Provavelmente a pronúncia deixe a desejar, mas quem resiste ao solo de trompete
de How Many Days of Sadness, em francês? Dá uma baita saudade de não sei quê. E
a voz de Warwick é tão maviosa que pouco importa pra não italianos como ela
cante The Windows of the World. Também há o jogo inverso: uma versão em inglês
de La Vie em Rose.
O título da coletânea provém da versão alternativa da
faixa Odds & Ends. Toda essa geração moleca que se delicia com fofuras
indie pop daqui ou de lá fora devia ouvir isso. Burt Bacharach praticamente inventou
esse pop assobiável, que dá vontade de estalar dedinhos, fazer papapa e sair
pulando pela rua de oclão e maria-chiquinha.
Pessoal do sophistipop também deve muito à Dionne e Burt.
Ouça Amanda, que começa discreta até explodir naquelas orquestrações “exageradas”’

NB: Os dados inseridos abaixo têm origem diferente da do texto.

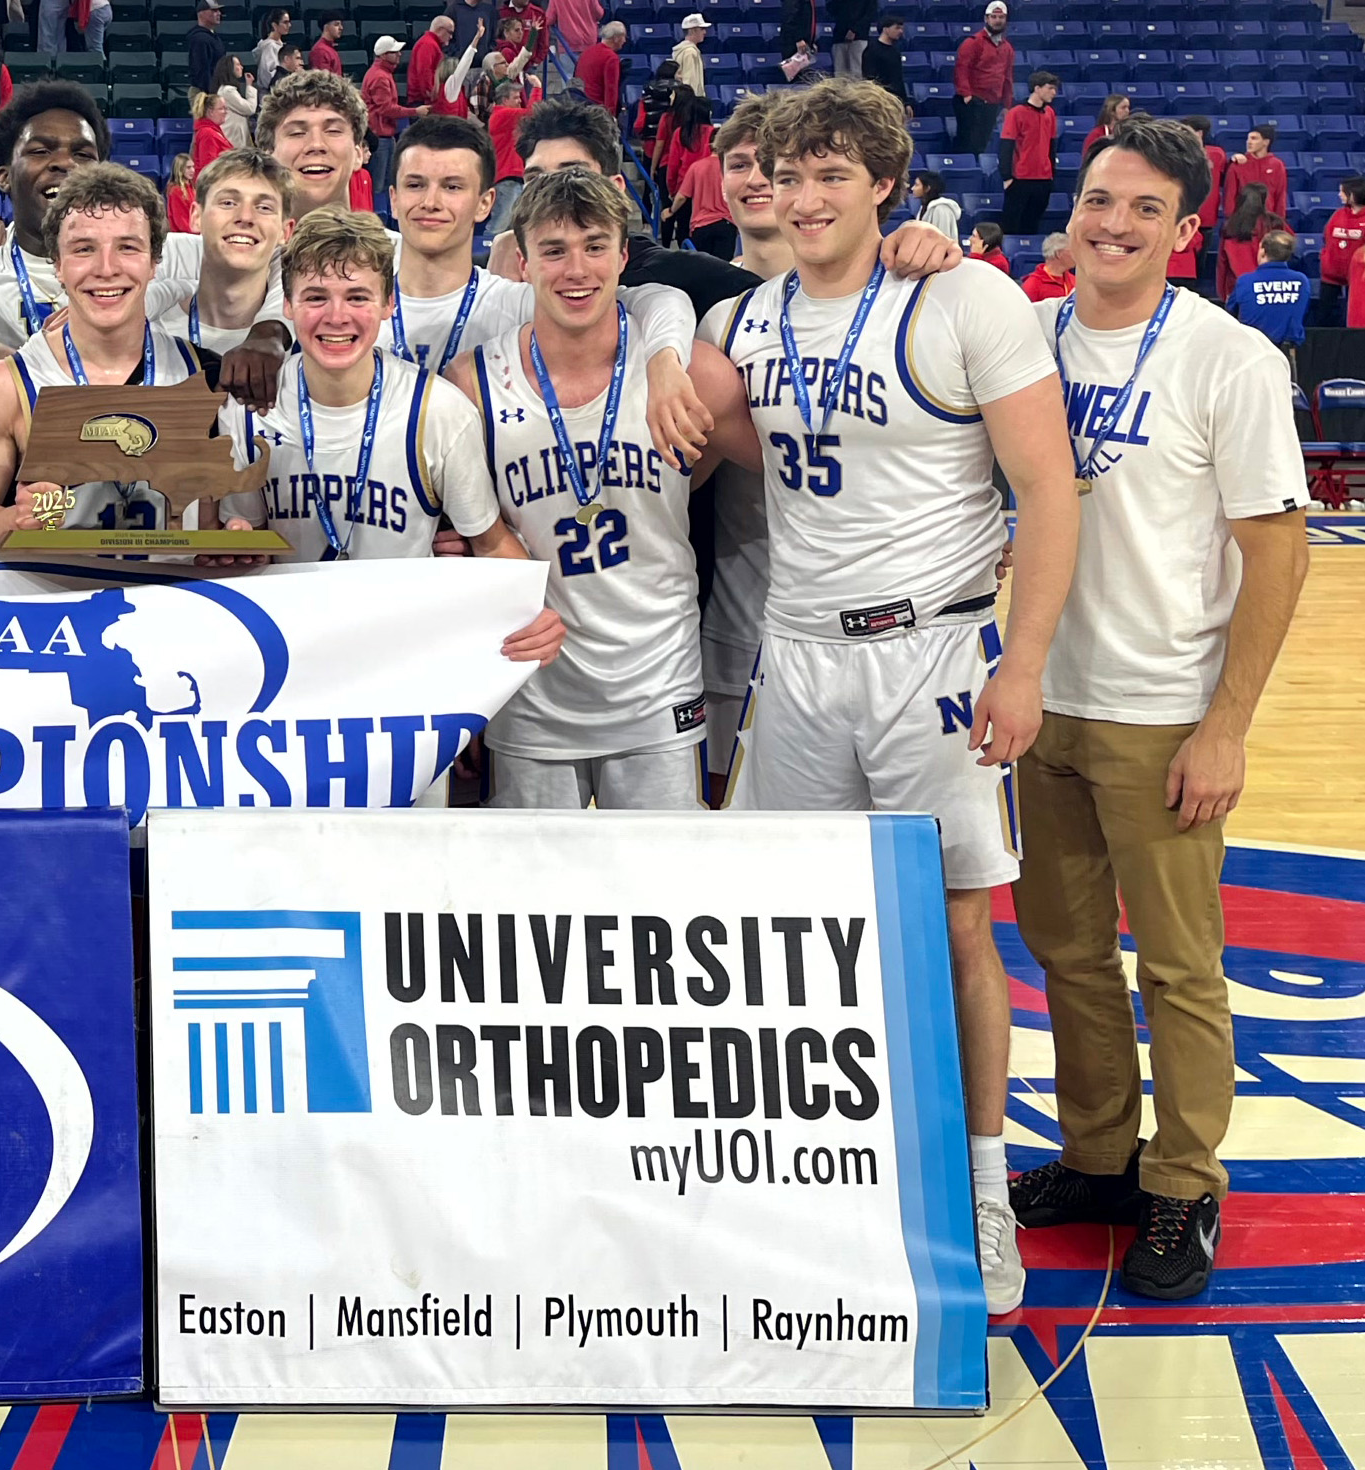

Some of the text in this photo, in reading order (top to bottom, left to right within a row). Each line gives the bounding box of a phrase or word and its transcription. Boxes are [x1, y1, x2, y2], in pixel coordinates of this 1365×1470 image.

[1253, 281, 1301, 293] EVENT
[1256, 293, 1299, 305] STAFF
[856, 302, 868, 330] CHAMPION
[85, 426, 123, 437] MIAA
[556, 423, 566, 452] CHAMPION
[1065, 381, 1151, 446] WELL
[505, 440, 663, 507] CLIPPERS
[571, 468, 583, 497] CHAMPION
[769, 431, 842, 498] 35
[31, 490, 76, 512] 2025
[261, 473, 407, 533] CLIPPERS
[100, 538, 133, 546] DIVISION
[144, 538, 190, 546] CHAMPIONS
[554, 508, 630, 577] 22
[935, 688, 974, 736] N
[385, 913, 865, 1006] UNIVERSITY
[390, 1023, 879, 1120] ORTHOPEDICS
[631, 1129, 877, 1195] myUOI.com
[180, 1293, 285, 1338] Easton
[338, 1293, 491, 1337] Mansfield
[546, 1293, 697, 1348] Plymouth
[753, 1298, 908, 1350] Raynham

dos 60’s, que o Swing Out Sister copiava com perfeição e gosto nos 90’s e
começo dos 00’s.
A coleção oferece ainda curiosidades como Warwick
cantando Monday, Monday do The Mamas and the Papas. Que modulação que sua voz
dá à melodia! Respeito, mas nunca fui muito fã dos branquelos sessentistas; pra
mim o melhor da década é soul e R’n’B da Motown, Stax, Atlantic e indies, como a Scepter, claro. Assim,
essa versão de Monday, Monday é minha favorita desde o começo de 2018 (não que
isso signifique muito, porque nem ouvia a original).
Ainda há o studio mix delicioso de I Love Paris, super
big band e o jazzinho sacana de C’est Si Bon. Como a França era paparicada,
não? Hoje alguém ainda se importa?
E pra provar que Odds &
Ends -Scepter Records Rarities é mais indicada pra quem é mais obsessivo e
experiente em Warwick/Bacharach, a última faixa é composta por comerciais de
rádio e mensagens da cantora e, no fim, pra arrepiar, o Mestre recomendando
duas coletâneas de Dionne.
Jonathan Butler nasceu, em 1961, na segregacionista
África do Sul. Lá o apartamento entre brancos e negros era legalizado e o
músico fez sua parte pra que essa maldade desaparecesse como instituição.
Excursionando desde tenros sete anos de idade e sendo ídolo teen em seu país,
Butler começou a compor no fim dos 70’s e logo se mudou pra Londres, onde ficou
por anos.
Nunca massivo, seu sucesso sempre foi mais entre pares e
o público de smooth jazz, urban soul, R’n’B, enfim, nós que amamos uma boa vibe afro. Dia 24 de agosto, o cantor e
guitarrista lançou Close To You, cujo título ref(v)erencia um dos temas mais
conhecidos/regravados de Bacharach/Davis. Das 11 faixas, uma dezena é releitura
da dupla norte-americana. A exceção fica é Cape Town, ode à cidade natal de
Butler, com clima de tema de Olímpiada ou copa do Mundo, à Shakira. Tem até
“kaya kaya”, ou seja o que for, na letra. Gostosa a pegada afro, que informa
também vários dos standards bacharachianos, como I’ll Never Fall In Love Again.
Como Butler é exímio violonista (confira a lenta A House
Is Not a Home) e guitarrista, um par de letras de Hl Davis foi pro espaço, como
em I Say A Little Prayer e Do You Know the Way to San Jose? Nada de errado,
afinal as homenagens são sempre pra sonoridade que Burt criou e no caso da
primeira canção, ficaria até meio estranho o pio Butler cantando sobre pensar
no bofe enquanto se maquia. Versões sem letra de Do You Know..., porém, sempre
me soam redutivas, porque rompe ironia não sei se proposital, mas cruel: a
brejeira melodia acompanha letra que fala de fracasso retumbante e volta pra casa:
são os tantos sonhos de estrelato hollywoodianos que não passam de frentistas
de posto de gasolina.
Essa canção – a abertura, inclusive – resume bem Close to
You, o álbum: é legal, pinta com tons distintos alguns clássicos, mas não
supera ou iguala nenhuma versão mais ortodoxa já ouvida.
Dá pra ouvir de boa e gostar dos soul-jazz midtempo em
que foram transformadas Walk On By, Alfie e The Look Of Love e se entusiasmar
com a maciça influência de Steve Wonder em This Guy’s In Love You. Mas, não
recomendo como introdução à Burt Bacharach; melhor versões mais fieis (claro
que não indicarei os originais, porque daí é covardia com quem faz
homenagem).
Se você já é convertido,
poderá achar interessante e competente.